▶ **WORK TO BE COMPLETED**: The listing below must be repeated word for word, with its images excluded.
● ● ● ● ●
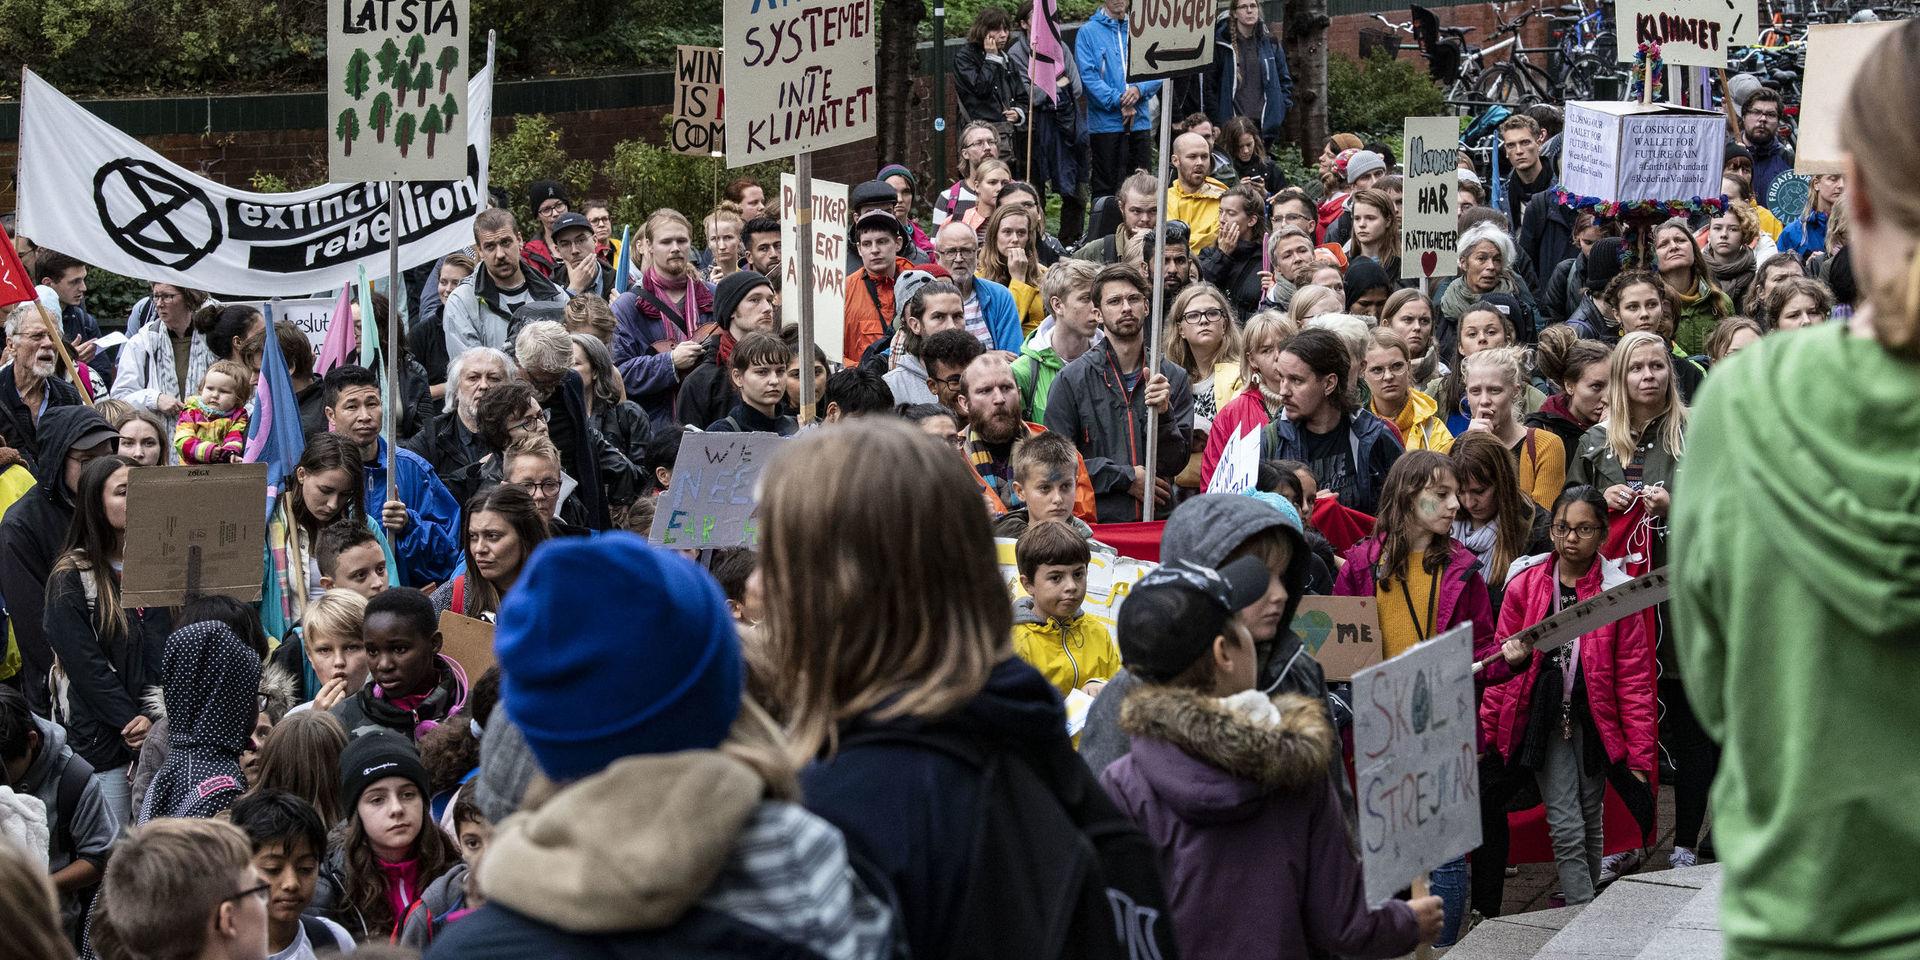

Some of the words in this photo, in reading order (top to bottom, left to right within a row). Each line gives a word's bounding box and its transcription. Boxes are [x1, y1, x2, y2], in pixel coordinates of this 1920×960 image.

[779, 65, 833, 109] INTE
[679, 85, 709, 118] IS
[747, 86, 873, 154] KLIMATET
[1632, 125, 1674, 135] CLOSING
[1676, 125, 1696, 135] OUR
[1634, 137, 1674, 147] WALLET
[1676, 137, 1694, 147] FOR
[1634, 150, 1674, 159] FUTURE
[1674, 150, 1698, 159] GAIN
[1638, 162, 1708, 171] #EarthIsAbundant
[1631, 174, 1705, 183] #RedefineValuable
[1768, 172, 1793, 202] FRIDAYS
[1418, 183, 1449, 214] HAR
[815, 232, 844, 262] ERT
[1405, 229, 1457, 253] RÄTTIGHETER
[1337, 623, 1374, 644] ME
● ● ● ● ●
▶ **ANSWER BOX**:
Some of the words in this photo, in reading order (top to bottom, left to right within a row). Each line gives a word's bounding box and its transcription. Boxes are [x1, y1, x2, y2], in pixel coordinates of this 1920×960 image.

[779, 65, 833, 109] INTE
[679, 85, 709, 118] IS
[747, 86, 873, 154] KLIMATET
[1632, 125, 1674, 135] CLOSING
[1676, 125, 1696, 135] OUR
[1634, 137, 1674, 147] WALLET
[1676, 137, 1694, 147] FOR
[1634, 150, 1674, 159] FUTURE
[1674, 150, 1698, 159] GAIN
[1638, 162, 1708, 171] #EarthIsAbundant
[1631, 174, 1705, 183] #RedefineValuable
[1768, 172, 1793, 202] FRIDAYS
[1418, 183, 1449, 214] HAR
[815, 232, 844, 262] ERT
[1405, 229, 1457, 253] RÄTTIGHETER
[1337, 623, 1374, 644] ME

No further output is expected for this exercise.